Images for object localization
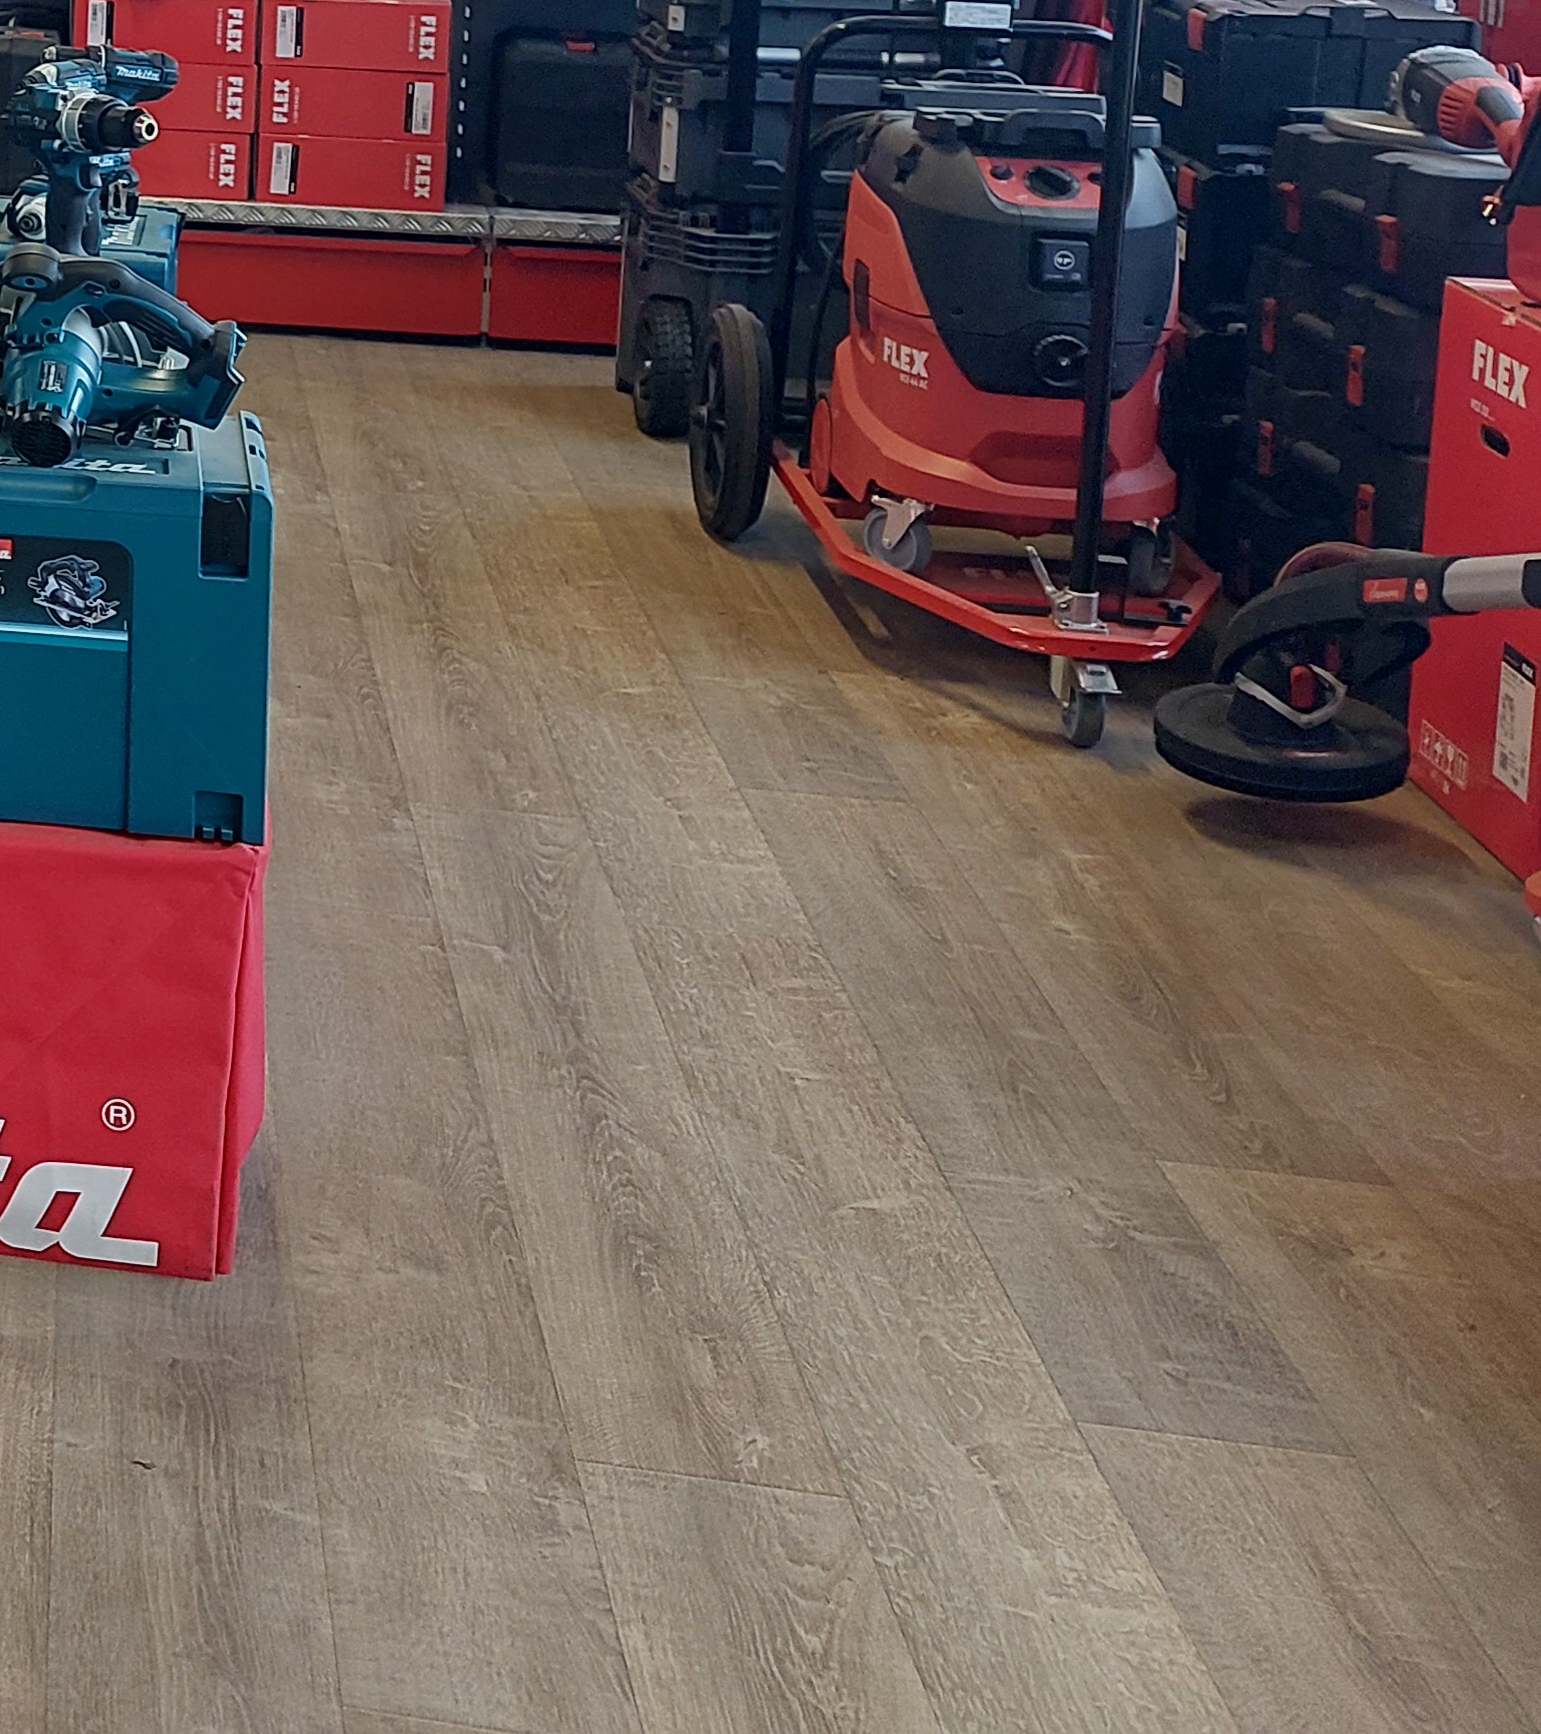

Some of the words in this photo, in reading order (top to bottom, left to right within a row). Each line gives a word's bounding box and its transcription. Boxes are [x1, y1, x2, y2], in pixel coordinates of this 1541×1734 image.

[225, 8, 243, 53] FLEX
[418, 14, 436, 61] FLEX
[117, 67, 161, 81] Makita
[225, 76, 243, 122] FLEX
[272, 77, 291, 124] FLEX
[220, 143, 236, 188] FLEX
[414, 154, 432, 199] FLEX
[883, 337, 929, 378] FLEX
[1471, 339, 1529, 409] FLEX
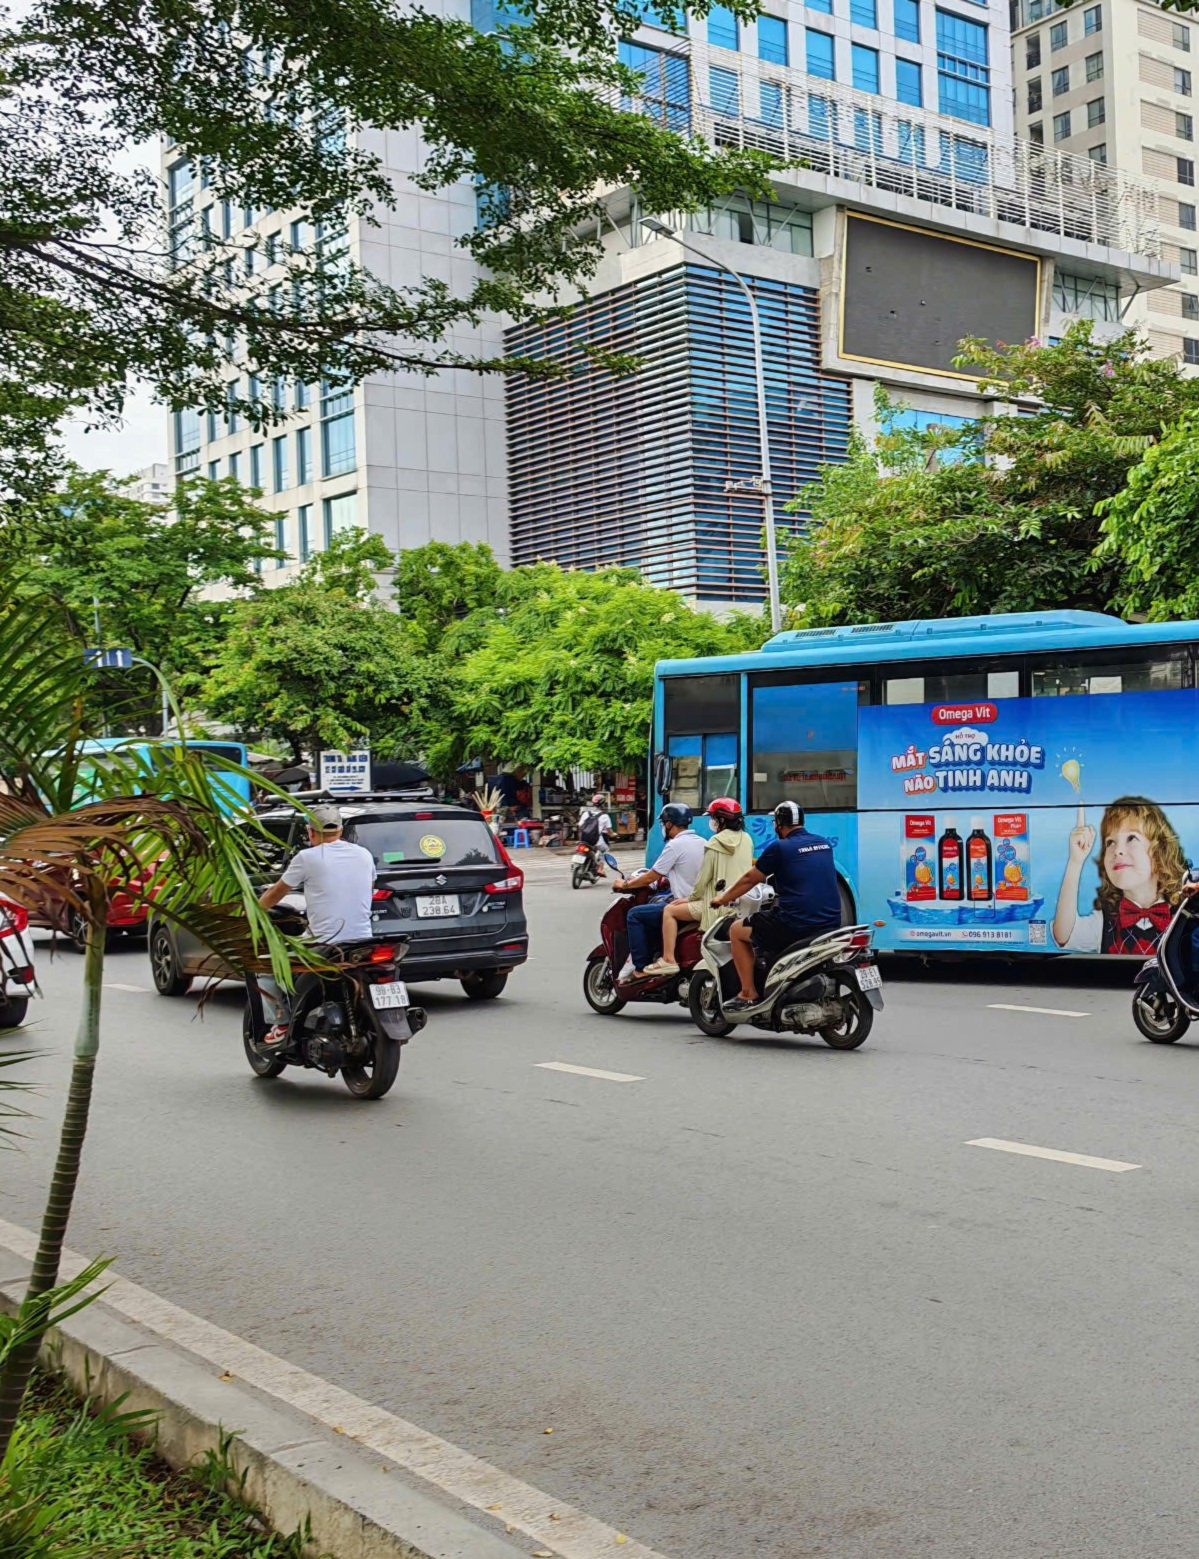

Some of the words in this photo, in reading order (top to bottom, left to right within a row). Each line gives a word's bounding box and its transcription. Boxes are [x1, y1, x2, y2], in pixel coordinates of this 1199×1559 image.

[938, 708, 973, 721] Omega
[975, 706, 991, 718] Vit
[892, 746, 926, 771] MẮT
[929, 738, 983, 766] SÁNG
[986, 739, 1044, 766] KHỎE
[903, 774, 936, 794] NÃO
[935, 769, 982, 790] TINH
[986, 769, 1030, 789] ANH
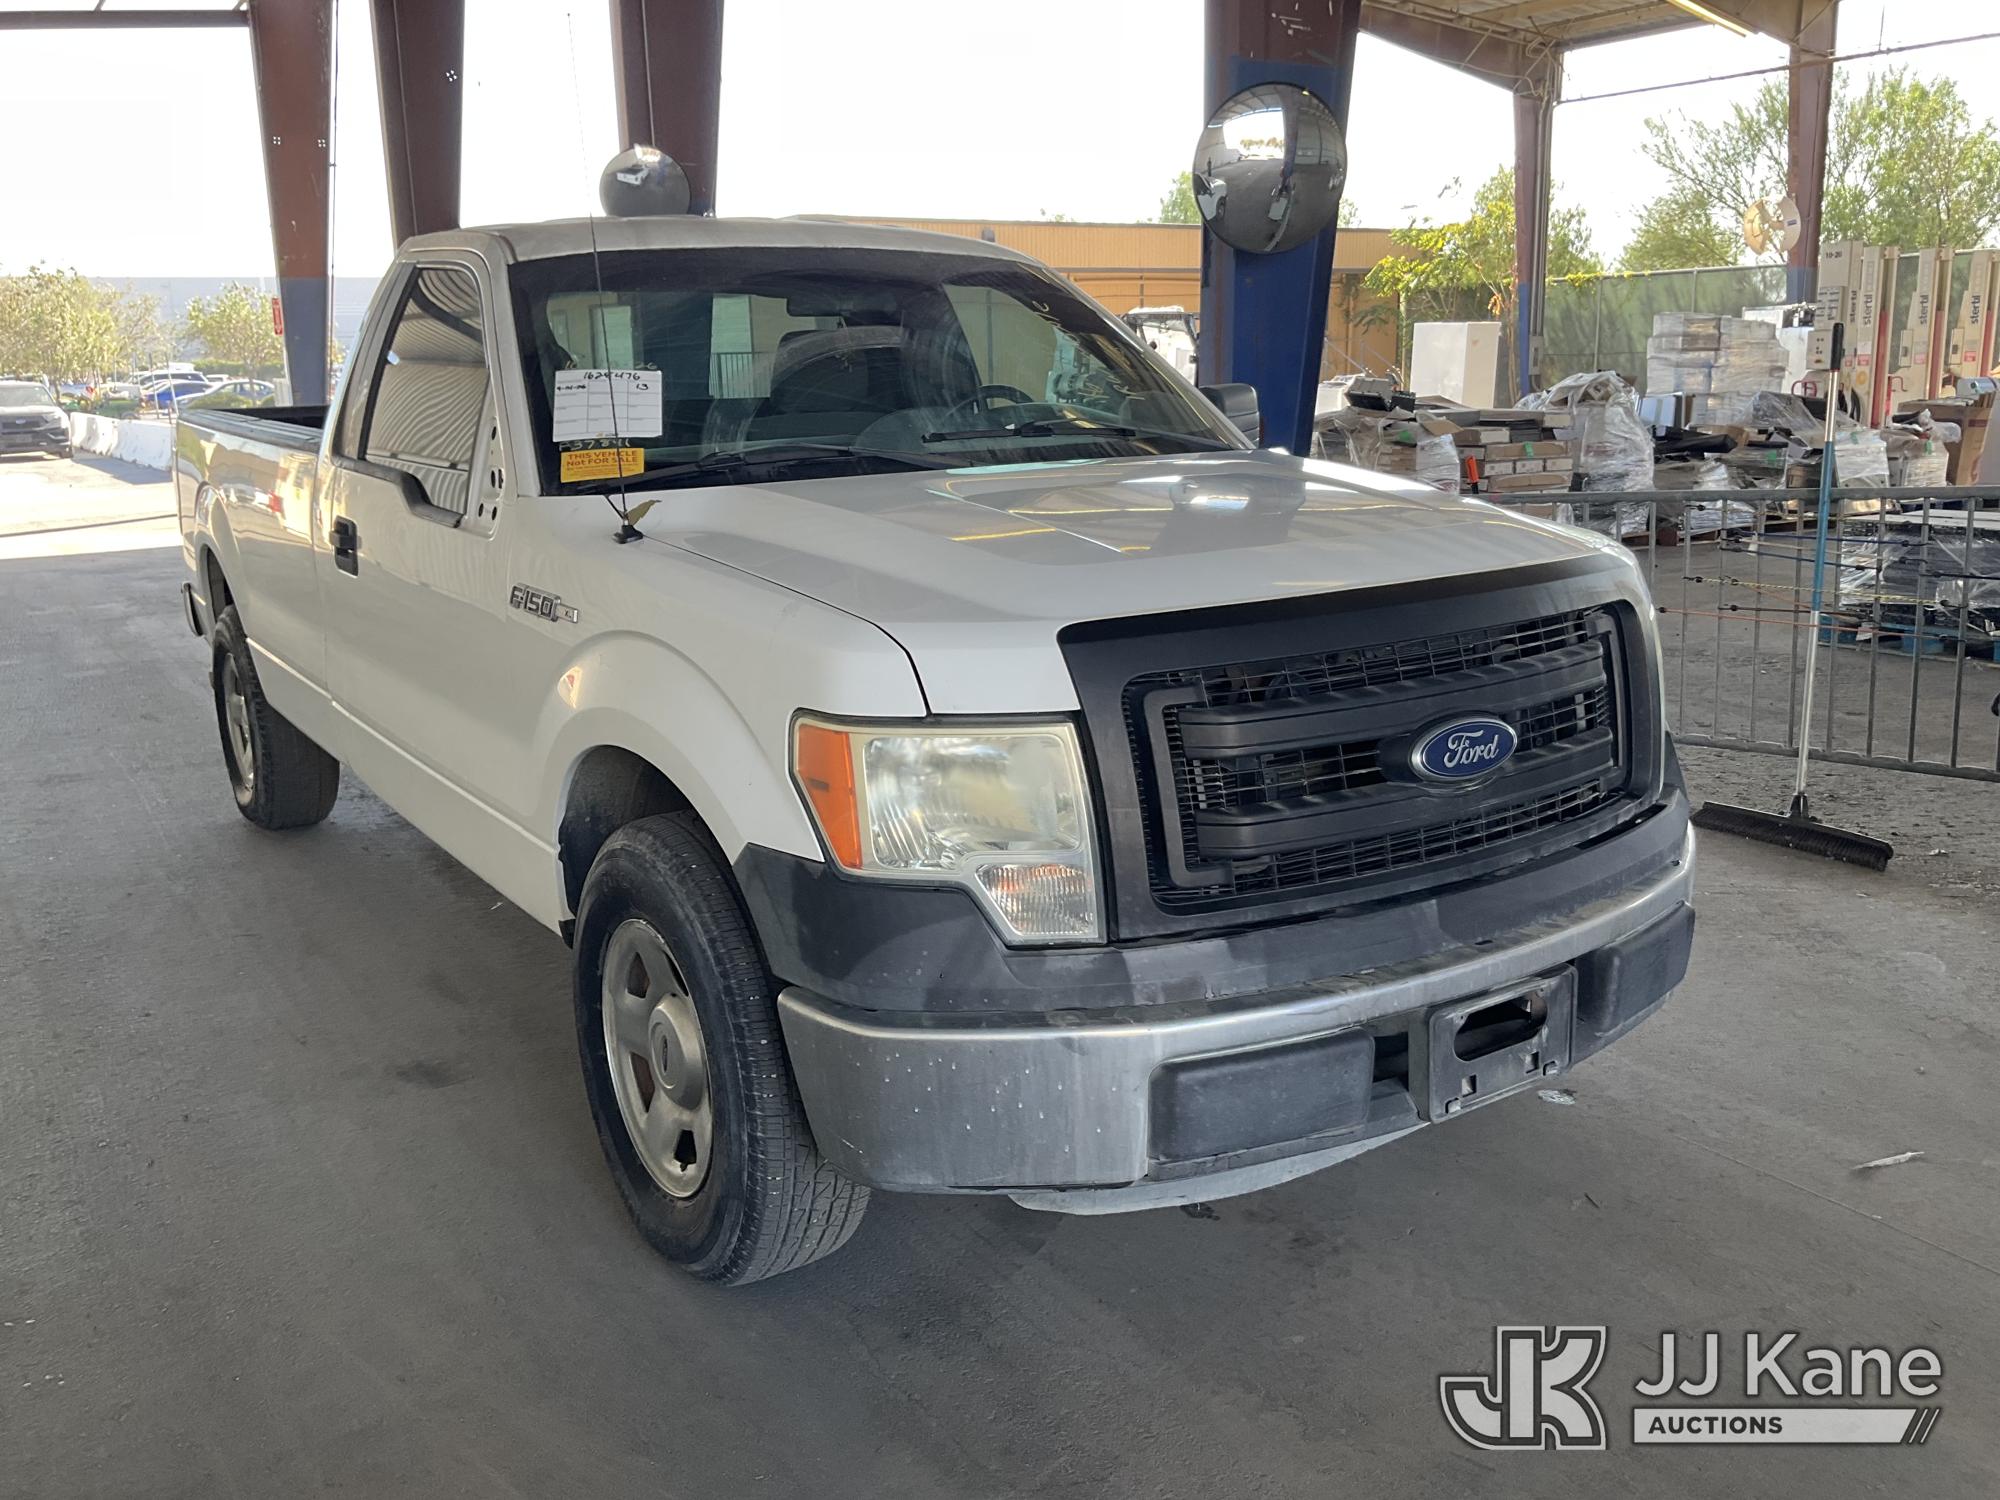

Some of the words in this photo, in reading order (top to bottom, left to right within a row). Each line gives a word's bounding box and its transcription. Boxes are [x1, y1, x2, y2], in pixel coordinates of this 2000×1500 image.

[1863, 294, 1873, 326] stertil
[1919, 294, 1929, 325] stertil
[1970, 294, 1981, 324] stertil
[567, 452, 593, 460] THIS
[594, 449, 639, 459] VEHCLE
[587, 457, 609, 465] FOR
[611, 456, 639, 464] SALE
[1443, 729, 1500, 768] Ford

• What this task involves:
Since the copy must contain no pictures, return only the text of the records, exactly as it stands.

• Reply:
Some of the words in this photo, in reading order (top to bottom, left to right within a row). Each line gives a word's bounding box and its transcription. Boxes are [x1, y1, x2, y2], in pixel coordinates of this 1541×1734 image.

[225, 8, 243, 53] FLEX
[418, 14, 436, 61] FLEX
[117, 67, 161, 81] Makita
[225, 76, 243, 122] FLEX
[272, 77, 291, 124] FLEX
[220, 143, 236, 188] FLEX
[414, 154, 432, 199] FLEX
[883, 337, 929, 378] FLEX
[1471, 339, 1529, 409] FLEX

Some of the words in this photo, in reading order (top to bottom, left to right within a row). Each line gives a word's bounding box and its transcription. Boxes are [x1, y1, x2, y2], in pixel coordinates of this 1199×1559 image.

[938, 708, 973, 721] Omega
[975, 706, 991, 718] Vit
[892, 746, 926, 771] MẮT
[929, 738, 983, 766] SÁNG
[986, 739, 1044, 766] KHỎE
[903, 774, 936, 794] NÃO
[935, 769, 982, 790] TINH
[986, 769, 1030, 789] ANH

Some of the words in this photo, in reading order (top to bottom, left to right within a row). Each line gives a word's bounding box and its transcription. Boxes are [x1, y1, x2, y2], in pixel coordinates of this 2000×1500 image.

[1863, 294, 1873, 326] stertil
[1919, 294, 1929, 325] stertil
[1970, 294, 1981, 324] stertil
[567, 452, 593, 460] THIS
[594, 449, 639, 459] VEHCLE
[587, 457, 609, 465] FOR
[611, 456, 639, 464] SALE
[1443, 729, 1500, 768] Ford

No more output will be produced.